John Landis’s films even helped my
schoolwork: I remember
astounding my ninth grade “Introduction to Business” teacher with my vast
knowledge of the stock market, all of which was cribbed from innumerable
viewings of Trading
Places; my interest in Illinois Nazis led to an “A” paper on Skokie in
my junior year of high school; and, of course, I could never forget that the
capital of Nebraska was Lincoln.
Most importantly, there’s
always the not insubstantial fact that my pseudonym is taken from Clarence
Beeks, the guy who ends up getting sodomized by a horny male gorilla at the end
of Trading Places. This is an interview I’ve
been clamoring to do ever since I made my half-assed segue into online
journalism. And now,
as of last Tuesday, the Beverly Hills restaurant Kate Mantilini has been home to
two classic meetings of the minds: Al Pacino and Robert De Niro in Heat, and John Landis and Jeremy
“Mr.

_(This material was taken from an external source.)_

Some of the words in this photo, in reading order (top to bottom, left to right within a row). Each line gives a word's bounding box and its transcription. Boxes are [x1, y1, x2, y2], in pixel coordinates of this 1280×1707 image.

Beaks” Smith.
Not surprisingly, this interview went a bit
long, so I’ve broken it up into two parts. In this first installment, John and I discuss the
critical sea change regarding his early comedies, the integral role popular
music plays in his films and the great John Belushi.

You’re doing the 25th
anniversary of The Blues
Brothers this year, and—
I’m not “doing it”. It’s happening without
me. But you are taking part in the big screening at
the Chinese. Oh, sure.
Well, it’s interesting to reassess The Blues Brothers, since, at
the time of its release, it was one of those films where critics reviewed the
budget as much as they reviewed the movie.

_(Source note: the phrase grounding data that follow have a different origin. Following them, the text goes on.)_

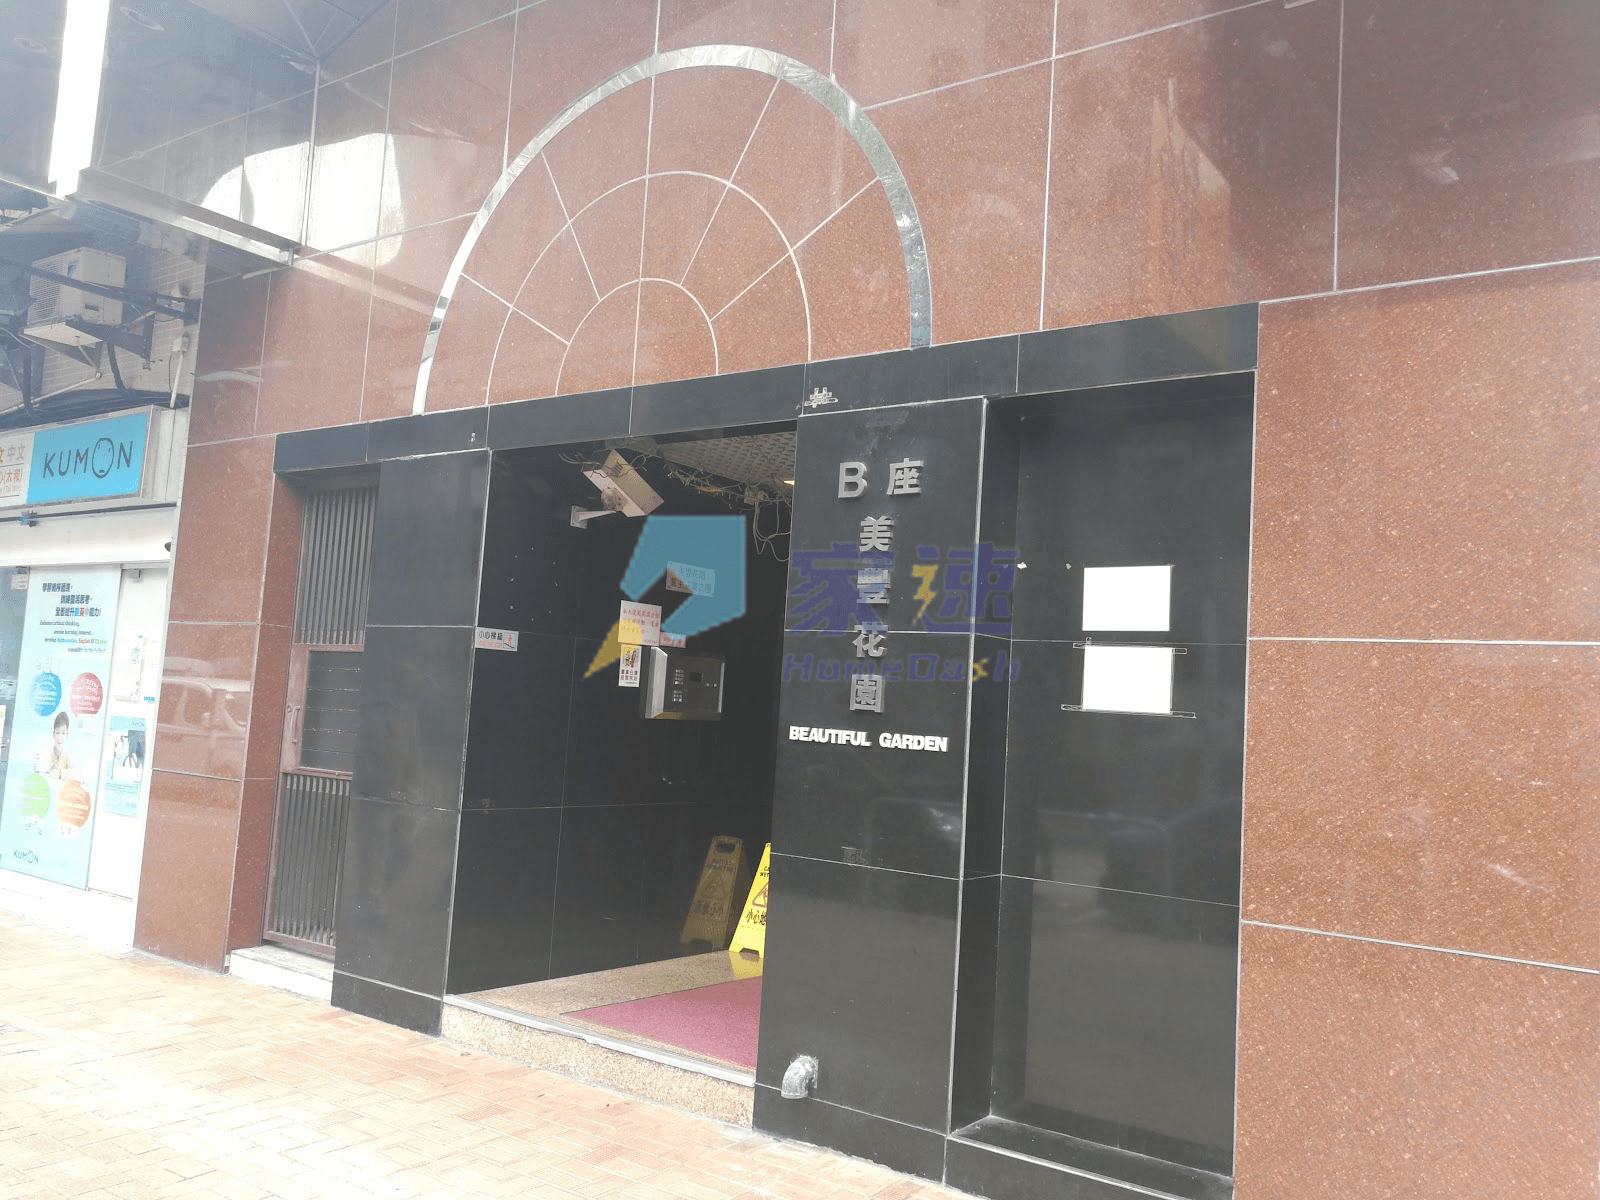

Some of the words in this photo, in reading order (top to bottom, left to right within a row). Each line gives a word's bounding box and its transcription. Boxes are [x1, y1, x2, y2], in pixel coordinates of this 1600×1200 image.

[42, 437, 133, 479] KUMON
[838, 461, 868, 499] B
[886, 458, 924, 495] 座
[789, 725, 871, 747] BEAUTIFUL
[879, 732, 948, 752] GARDEN

It was an interesting time. There was a two-and-a-half
year period where there were five films in production that cost more than $24
million. There was
Apocalypse Now, Heaven’s Gate, 1941, Star Trek [The Motion Picture] and The Blues Brothers. All five films cost more than
$24 million, and $24 million was the magic number that had bankrupted Fox with
Cleopatra. So, in the media, the story
was “Hollywood Out of Control!” All five of those films were
tarnished; we became “1942” when we were shooting. Ironically, four of those
five movies made a profit.
Obviously, Heaven’s
Gate didn’t.
1941 turned a
profit? Mm-hm.
I don’t know why; I think it’s a terrible
movie. But it has that wonderful USO dance sequence in
it! It’s got a couple of great things in it,
but— It’s a
mess. It was Steven’s complete misunderstanding of Animal House, to take Tim
Matheson and John Belushi and try to make them the same. In Animal House, Bluto’s sweet, and
in 1941 his character is a
jerk. He also didn’t have Doug Kenney and Chris Miller
writing for him. But he did have Bob Zemeckis, Bob Gale and John
Milius. The issue is
just a lack of understanding of what makes characters work. It’s interesting. It’s a strange movie. My wife designed it, so it
looked good. (Laughs)
Getting back to Blues Brothers, I think it may
have also been a case of critics being burned out on car
chases. I don’t think it’s that so much as the fact that the
movie was expensive, we were very young and had just had success with Animal House. The movie was hugely
successful. It made a
lot of money and continues to. I think that what people forget, especially younger
people, but that’s fine – you know, I had this experience with Animal House. Animal House recently had its
twenty-fifth anniversary, and suddenly the same individual critics who shit on
it when it came out were declaring it an “American Classic”. You know, John Huston said,
“Buildings, prostitutes and directors become respectable with age”, so maybe
that’s it.
But the reality is that The Blues Brothers had a lot of
very not so disguised racism working against it. We had a very strange thing that was totally
unexpected, which is, if you’ll remember – oh, you don’t remember! – in 1979 the
big acts and the music was entirely disco. It was the Bee Gees and Abba, and it couldn’t get
any whiter than the music on A.M. radio. Rhythm-and-blues was really in decline; except for
Ray Charles, no one in our show was working. Dan Aykroyd and John Belushi’s passion for the
music, they did an interesting and unique thing, which was Danny legitimately
exploited their own celebrity of the moment to focus attention on these
acts. And it was very
successful in that respect.
To give you an idea of the tenor of the times, Universal Studios’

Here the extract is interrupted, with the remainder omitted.